*** INPUT DATA Section Begins ***
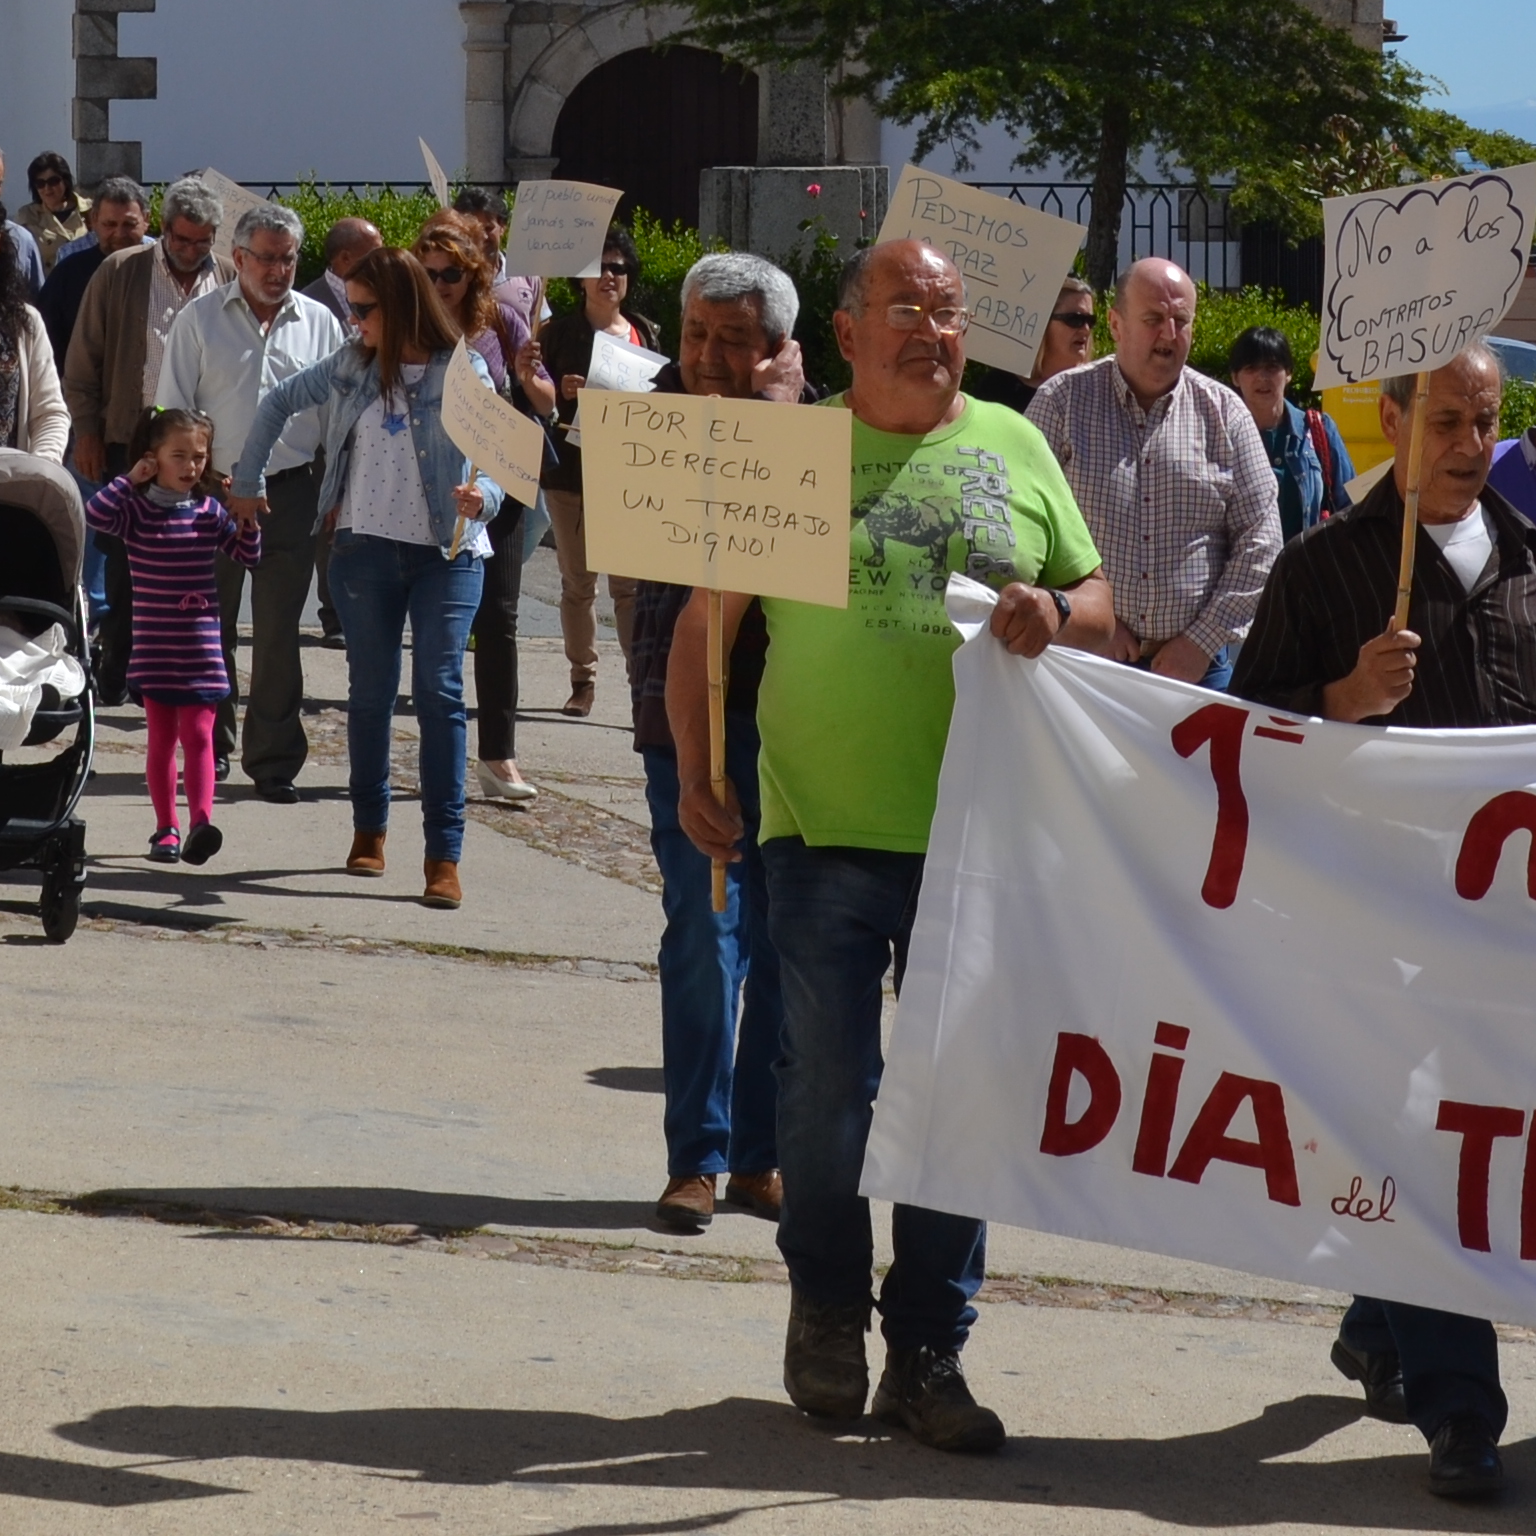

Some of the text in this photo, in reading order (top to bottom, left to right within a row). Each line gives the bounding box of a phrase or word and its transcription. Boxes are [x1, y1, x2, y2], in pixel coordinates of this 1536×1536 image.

[542, 186, 582, 212] pueblo
[907, 177, 1028, 248] PEDIMOS
[1348, 195, 1504, 277] No a los
[945, 240, 1037, 293] PAZ Y
[974, 295, 1039, 338] ABRA
[1337, 289, 1457, 342] CONTRATOS
[1361, 307, 1495, 378] BASURA
[453, 404, 490, 452] SOMOS
[473, 387, 518, 430] SOMOS
[709, 419, 754, 443] EL
[621, 441, 818, 488] DERECHO A
[622, 489, 831, 537] UN TRABAJO
[957, 446, 1016, 547] FREE
[849, 568, 947, 591] EW YO
[1330, 1175, 1397, 1223] del
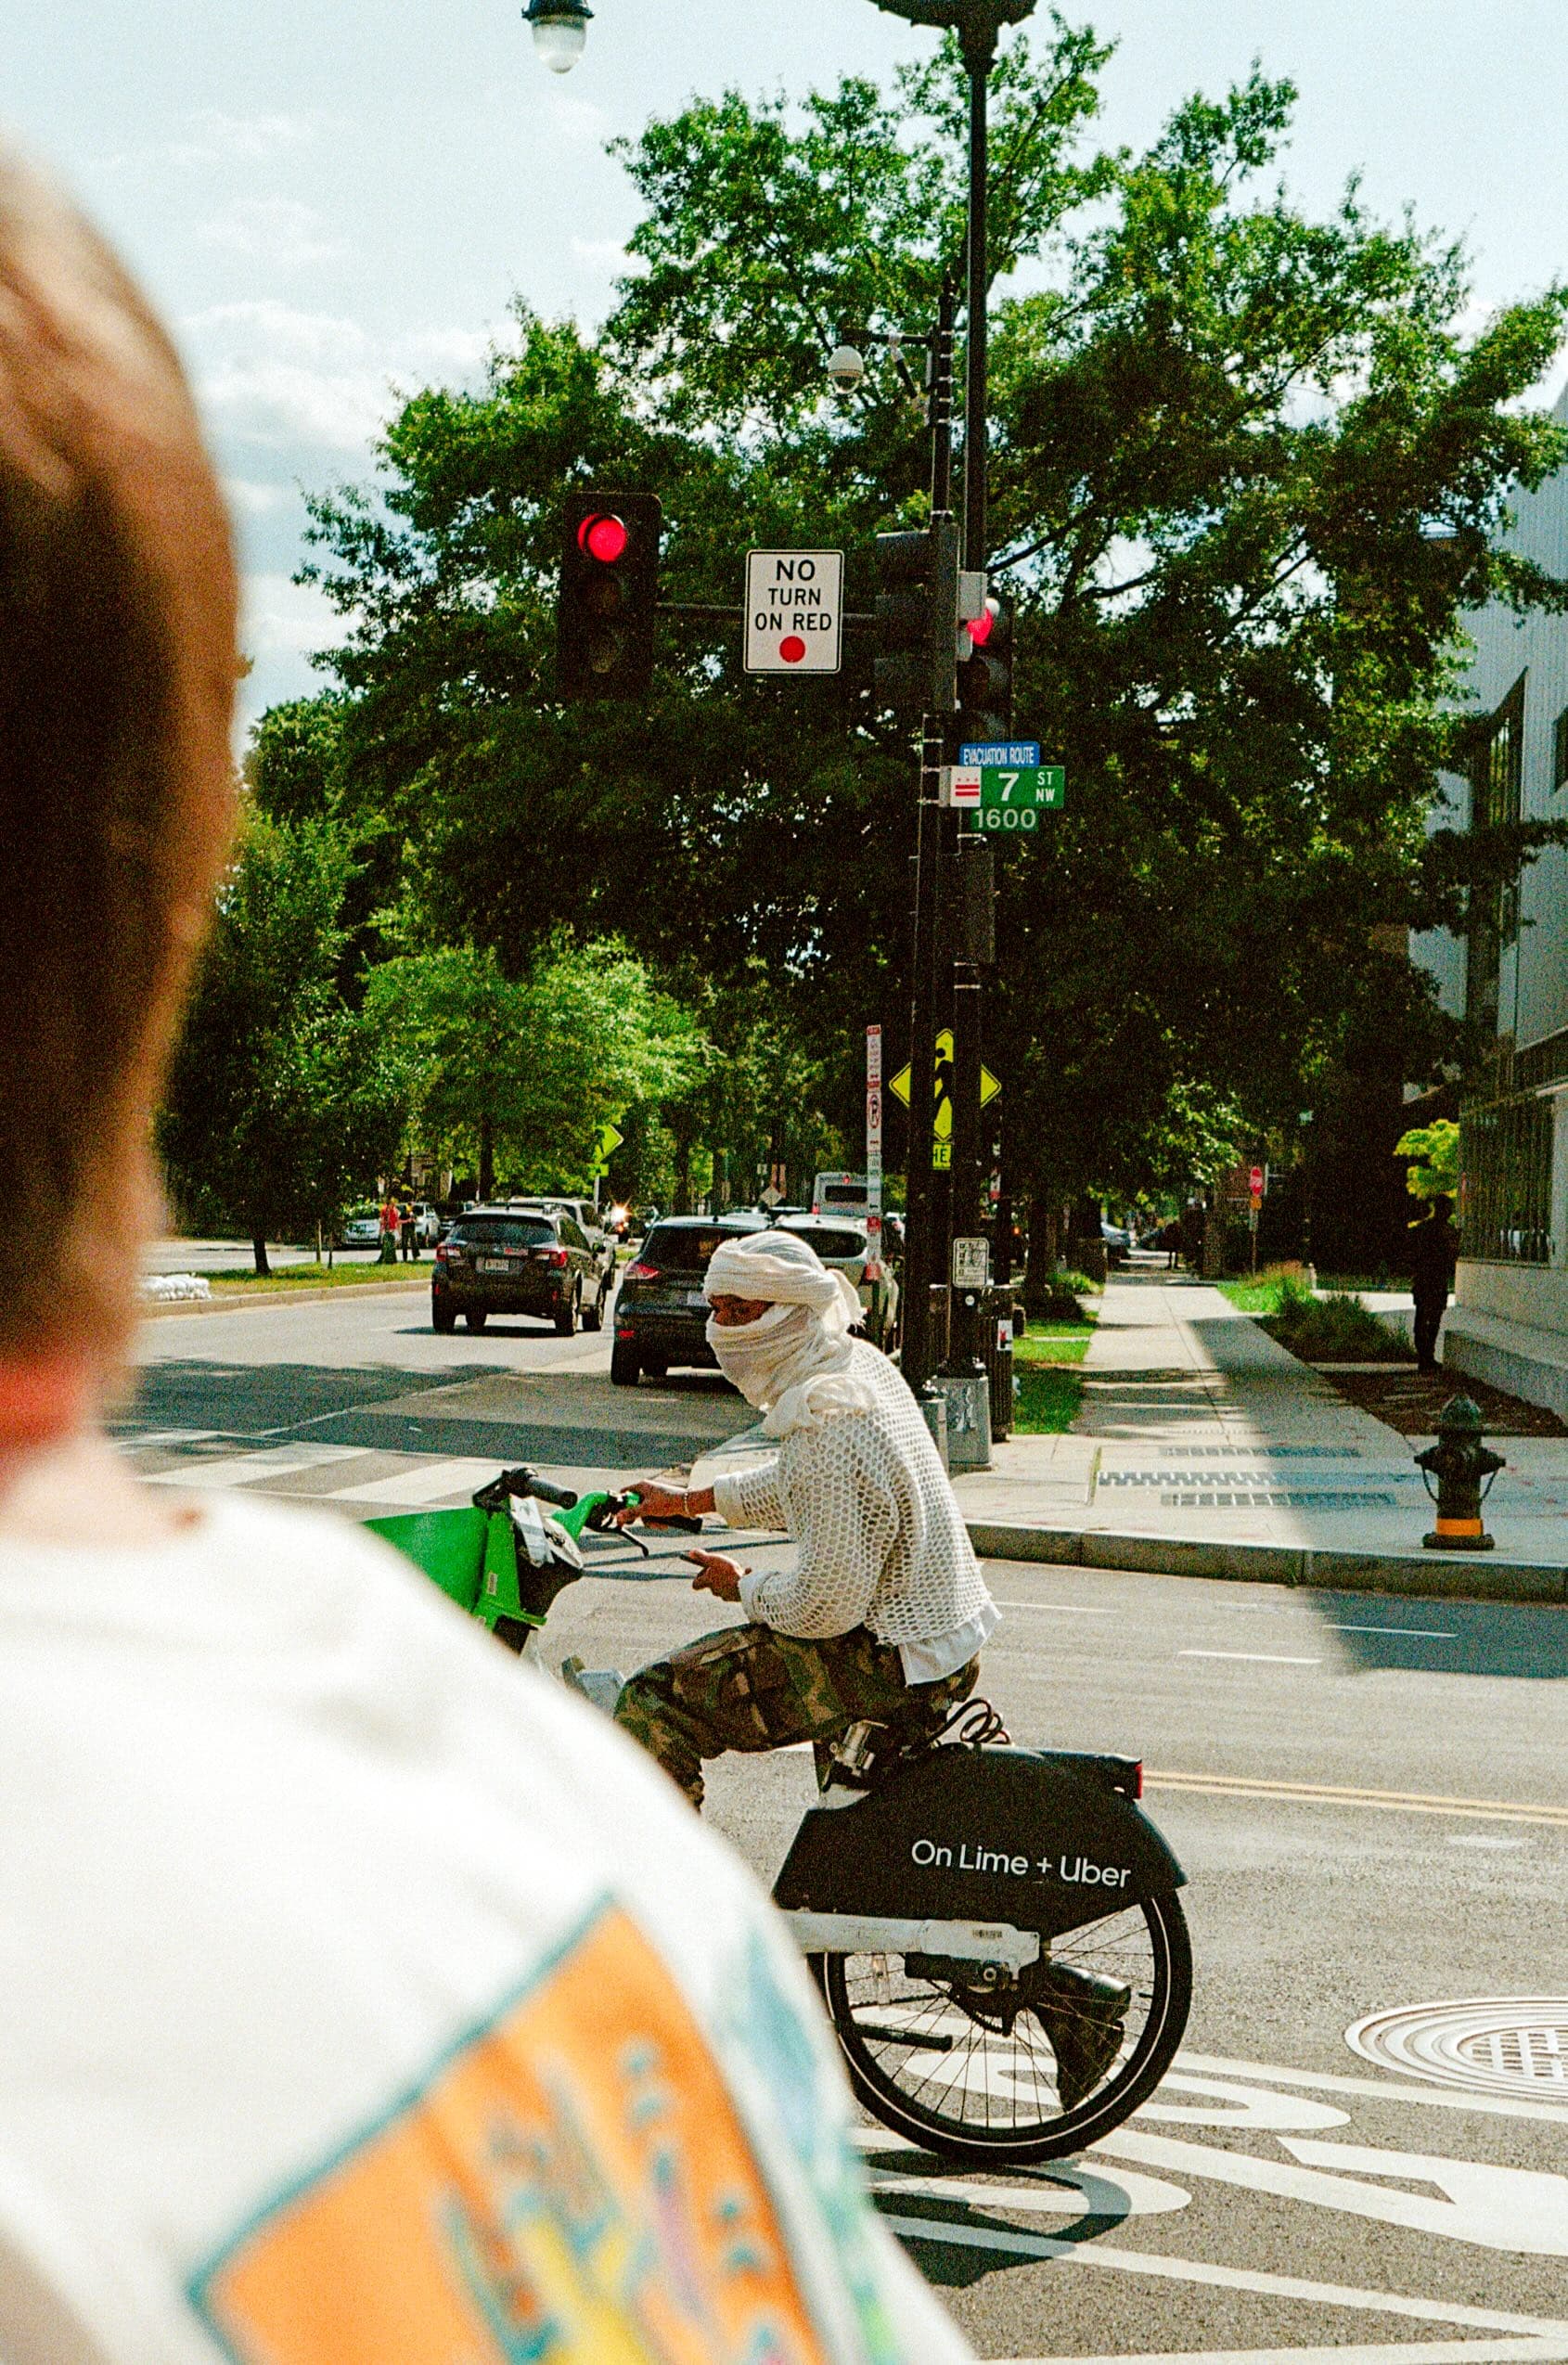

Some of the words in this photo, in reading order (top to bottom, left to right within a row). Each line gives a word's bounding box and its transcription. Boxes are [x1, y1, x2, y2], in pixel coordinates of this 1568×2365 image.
*** INPUT DATA Section Ends ***
• TASK BRIEF:
Give back the material above exactly as it appears, minus the pictures.

• ANSWER TO THIS PROBLEM:
Some of the text in this photo, in reading order (top to bottom, left to right within a row). Each line gives the bounding box of a phrase or word and its transcription. Boxes are [x1, y1, x2, y2], in pixel coordinates of this 1536×1536 image.

[542, 186, 582, 212] pueblo
[907, 177, 1028, 248] PEDIMOS
[1348, 195, 1504, 277] No a los
[945, 240, 1037, 293] PAZ Y
[974, 295, 1039, 338] ABRA
[1337, 289, 1457, 342] CONTRATOS
[1361, 307, 1495, 378] BASURA
[453, 404, 490, 452] SOMOS
[473, 387, 518, 430] SOMOS
[709, 419, 754, 443] EL
[621, 441, 818, 488] DERECHO A
[622, 489, 831, 537] UN TRABAJO
[957, 446, 1016, 547] FREE
[849, 568, 947, 591] EW YO
[1330, 1175, 1397, 1223] del

Some of the words in this photo, in reading order (top to bottom, left to right within a row). Each line gives a word's bounding box and its transcription. Boxes are [x1, y1, x2, y2], in pixel coordinates of this 1568×2365 image.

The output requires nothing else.